GOAL OF THE EXERCISE: When you copy the data that follows, reproduce every word exactly and leave out the images.

[Referring expression grounding data]

-------------------------

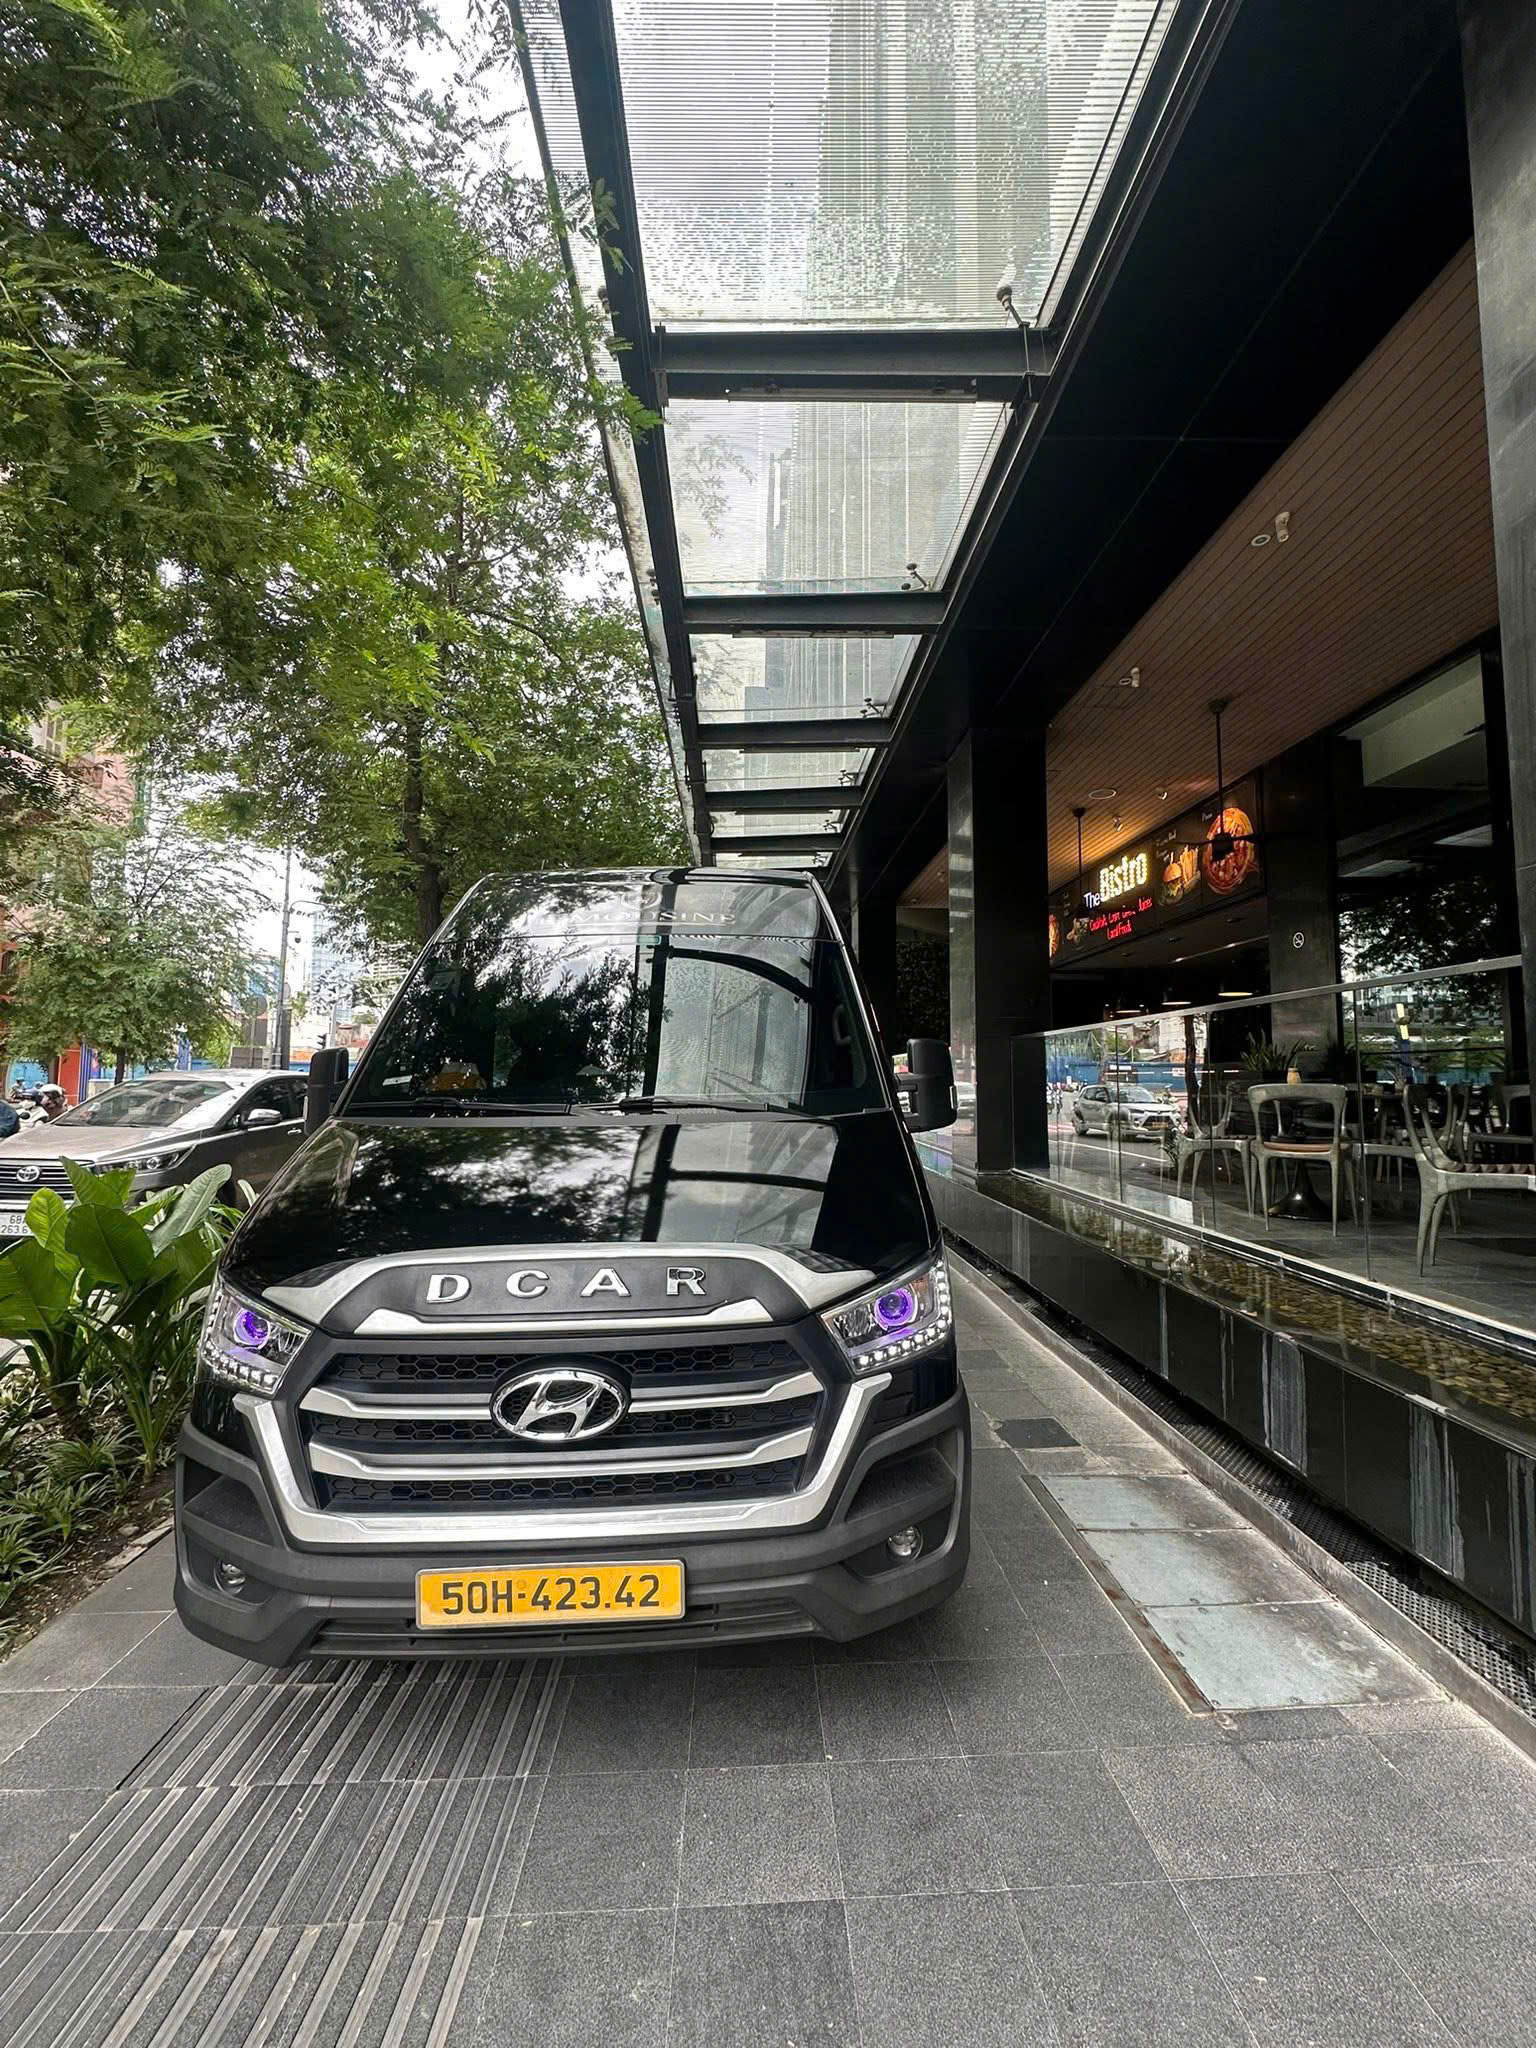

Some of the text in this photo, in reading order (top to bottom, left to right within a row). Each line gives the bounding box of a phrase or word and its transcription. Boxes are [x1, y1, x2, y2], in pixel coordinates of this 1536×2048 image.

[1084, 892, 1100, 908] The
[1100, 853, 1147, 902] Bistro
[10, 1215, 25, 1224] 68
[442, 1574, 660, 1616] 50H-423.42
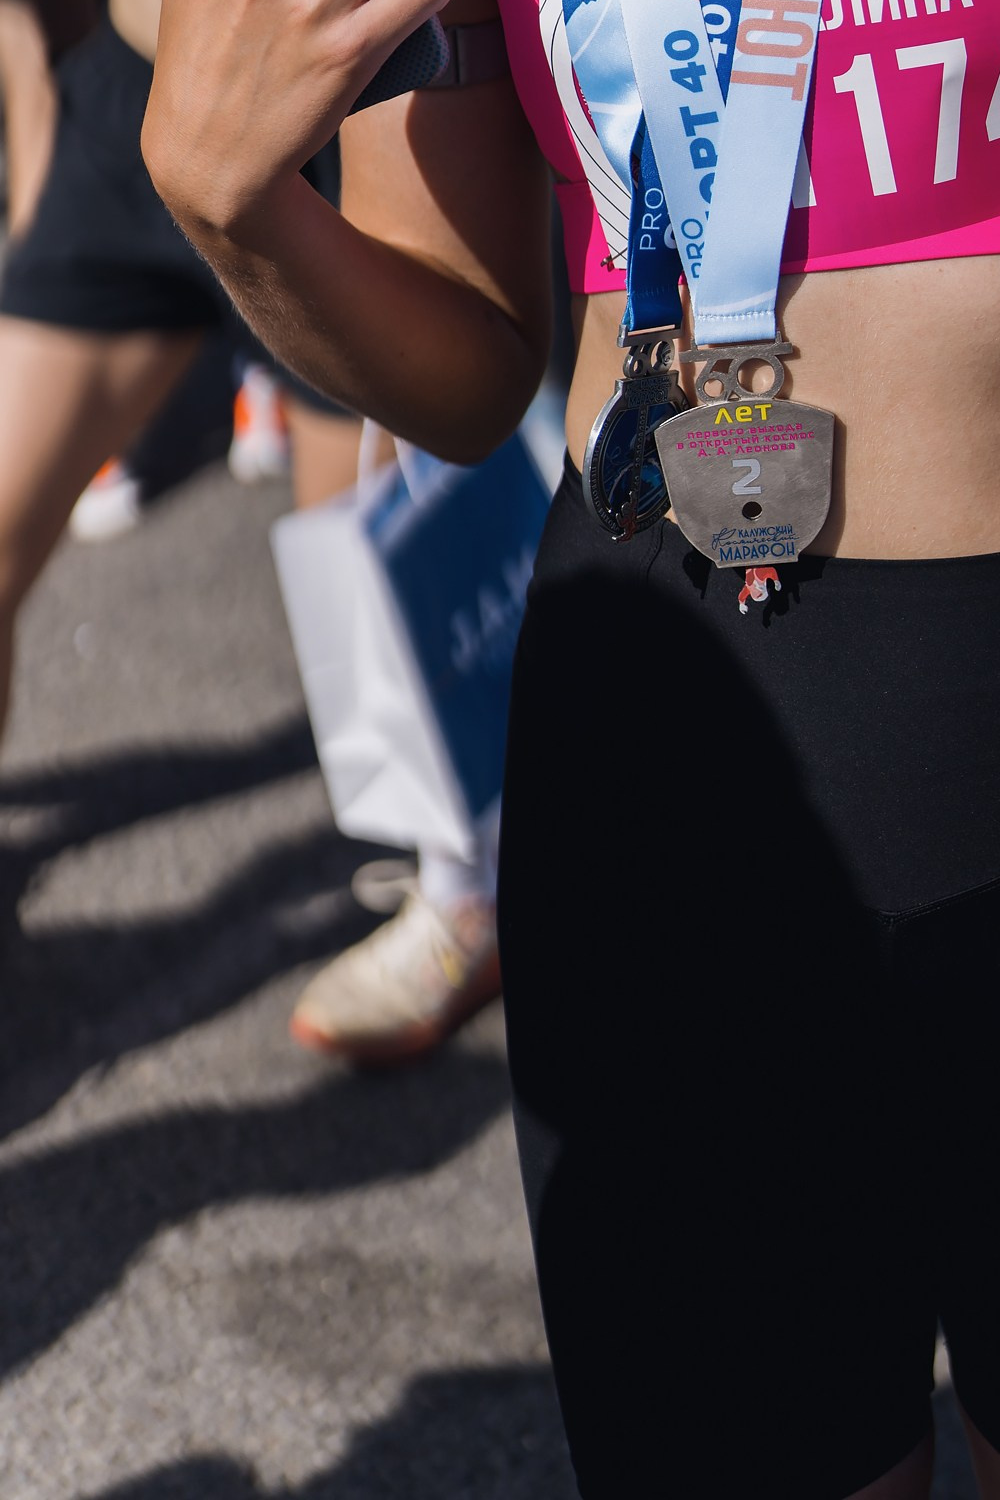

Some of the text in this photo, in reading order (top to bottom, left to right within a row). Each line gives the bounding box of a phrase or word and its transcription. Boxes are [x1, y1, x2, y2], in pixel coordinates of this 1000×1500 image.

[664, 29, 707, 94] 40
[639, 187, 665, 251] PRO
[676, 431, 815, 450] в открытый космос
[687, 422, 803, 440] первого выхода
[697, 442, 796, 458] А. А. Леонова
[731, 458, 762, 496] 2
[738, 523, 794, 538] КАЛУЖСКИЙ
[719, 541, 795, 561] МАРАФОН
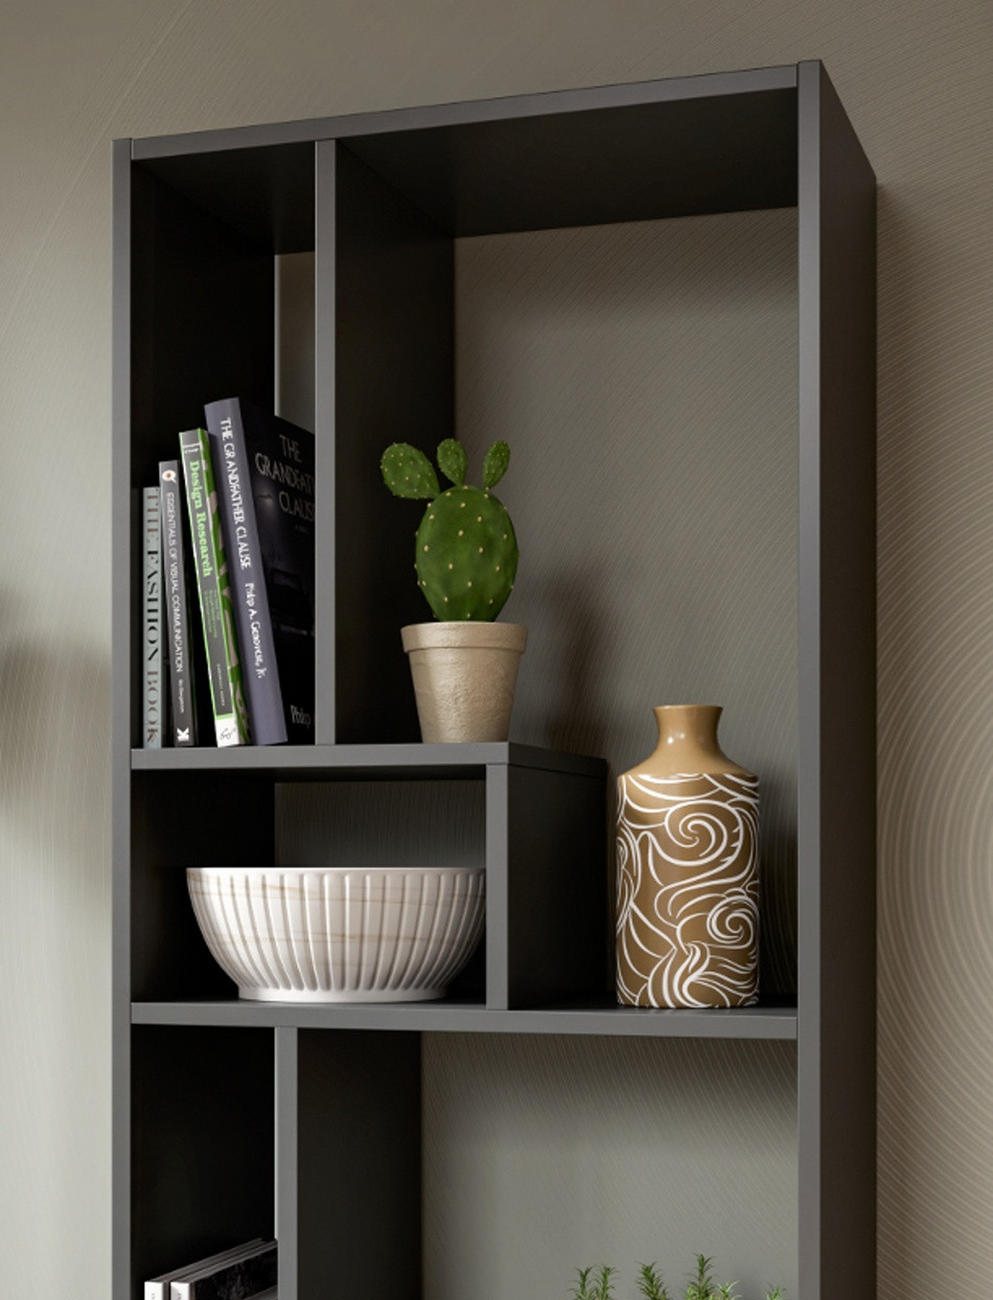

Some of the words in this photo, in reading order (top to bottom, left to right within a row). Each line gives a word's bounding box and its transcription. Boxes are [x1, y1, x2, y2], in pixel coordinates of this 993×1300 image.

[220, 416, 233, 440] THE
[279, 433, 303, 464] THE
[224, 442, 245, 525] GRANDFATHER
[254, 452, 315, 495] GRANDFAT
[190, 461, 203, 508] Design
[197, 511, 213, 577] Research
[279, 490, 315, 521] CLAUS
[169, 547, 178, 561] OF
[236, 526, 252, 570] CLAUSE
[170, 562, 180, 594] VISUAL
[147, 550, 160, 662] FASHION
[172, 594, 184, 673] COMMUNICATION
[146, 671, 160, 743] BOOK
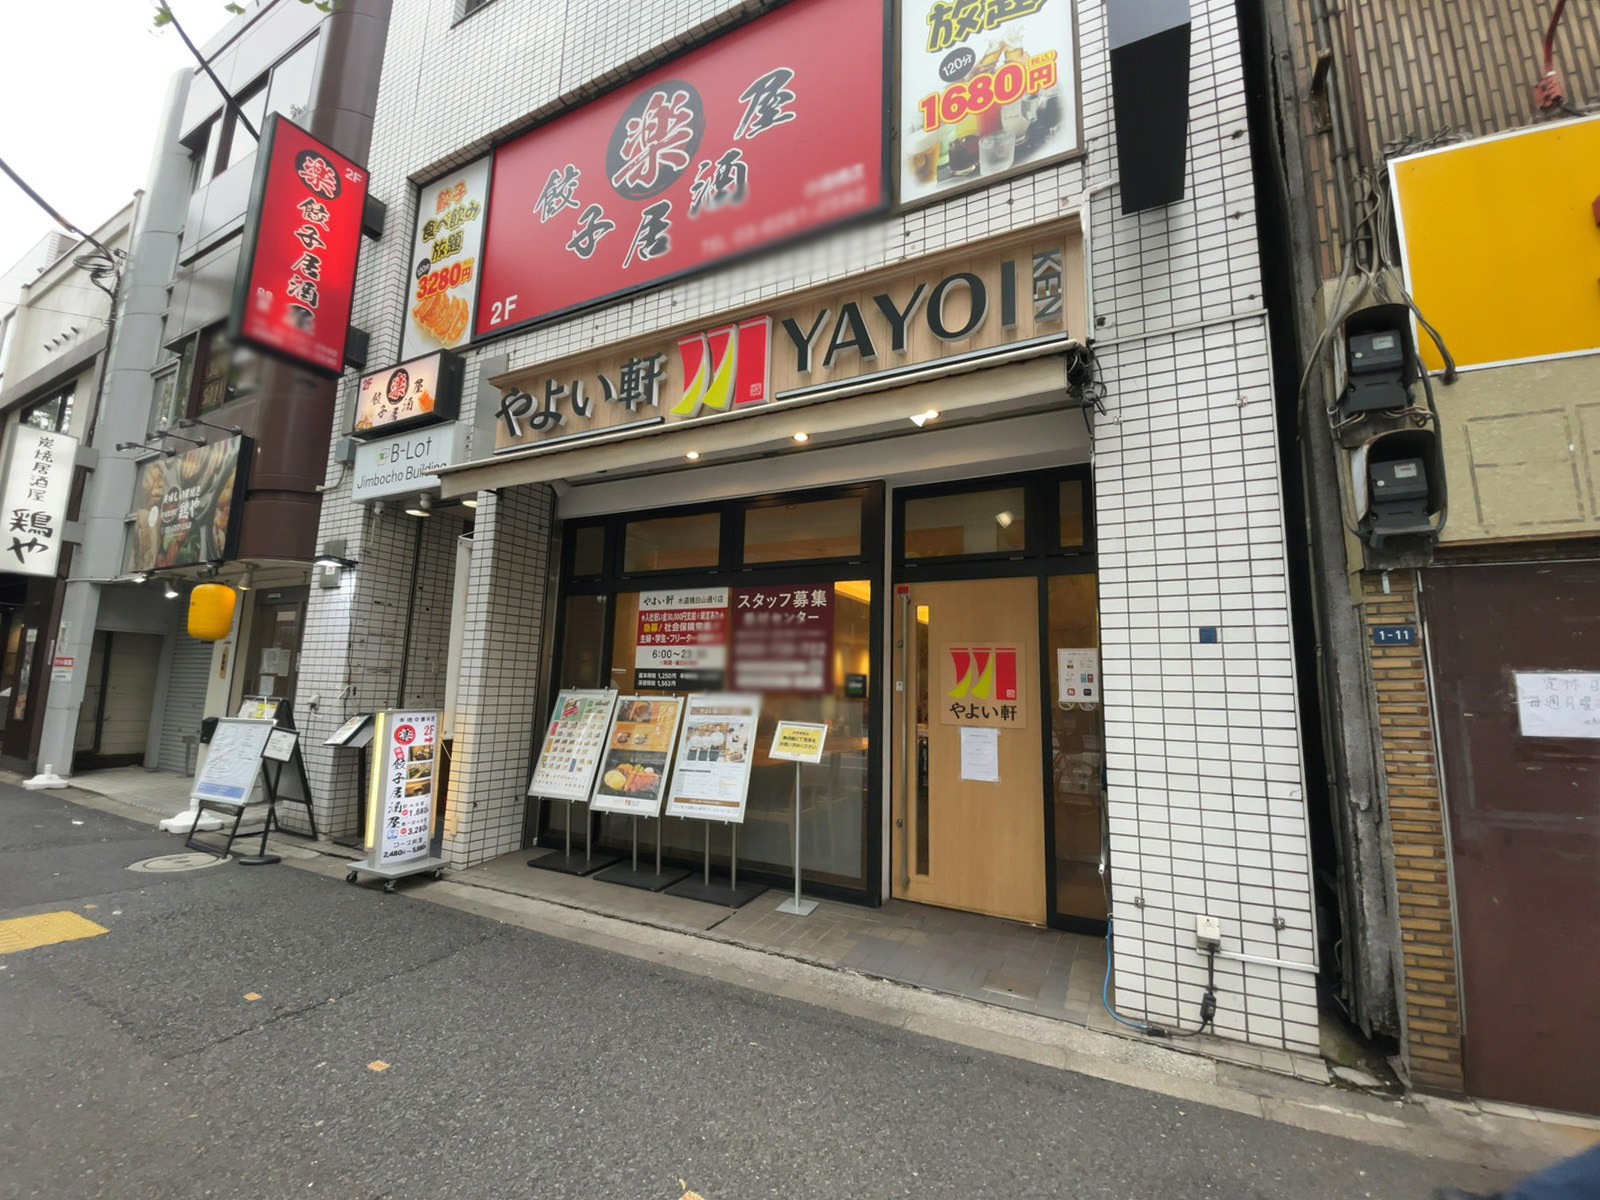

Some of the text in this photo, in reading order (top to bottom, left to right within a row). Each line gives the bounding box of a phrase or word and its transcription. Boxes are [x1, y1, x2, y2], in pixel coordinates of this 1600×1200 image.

-------------------------

REPLY TO THE EXERCISE:
Some of the text in this photo, in reading order (top to bottom, left to right within a row). Each line gives the bounding box of a phrase or word and its transcription. Boxes are [x1, y1, x2, y2], in pixel coordinates of this 1536×2048 image.

[1084, 892, 1100, 908] The
[1100, 853, 1147, 902] Bistro
[10, 1215, 25, 1224] 68
[442, 1574, 660, 1616] 50H-423.42

Some of the text in this photo, in reading order (top to bottom, left to right within a row). Each line gives the bounding box of a phrase or word and its transcription. Boxes are [x1, y1, x2, y2], in pixel coordinates of this 1000×1500 image.

[664, 29, 707, 94] 40
[639, 187, 665, 251] PRO
[676, 431, 815, 450] в открытый космос
[687, 422, 803, 440] первого выхода
[697, 442, 796, 458] А. А. Леонова
[731, 458, 762, 496] 2
[738, 523, 794, 538] КАЛУЖСКИЙ
[719, 541, 795, 561] МАРАФОН

Some of the words in this photo, in reading order (top to bottom, left to right within a row). Each line gives a word's bounding box and its transcription. Boxes are [x1, y1, x2, y2], in pixel coordinates of this 993×1300 image.

[220, 416, 233, 440] THE
[279, 433, 303, 464] THE
[224, 442, 245, 525] GRANDFATHER
[254, 452, 315, 495] GRANDFAT
[190, 461, 203, 508] Design
[197, 511, 213, 577] Research
[279, 490, 315, 521] CLAUS
[169, 547, 178, 561] OF
[236, 526, 252, 570] CLAUSE
[170, 562, 180, 594] VISUAL
[147, 550, 160, 662] FASHION
[172, 594, 184, 673] COMMUNICATION
[146, 671, 160, 743] BOOK

Some of the text in this photo, in reading order (top to bottom, left to right within a row). Each line gives the bounding box of a phrase or word and its transcription. Boxes are [x1, y1, x2, y2], in pixel coordinates of this 1600×1200 image.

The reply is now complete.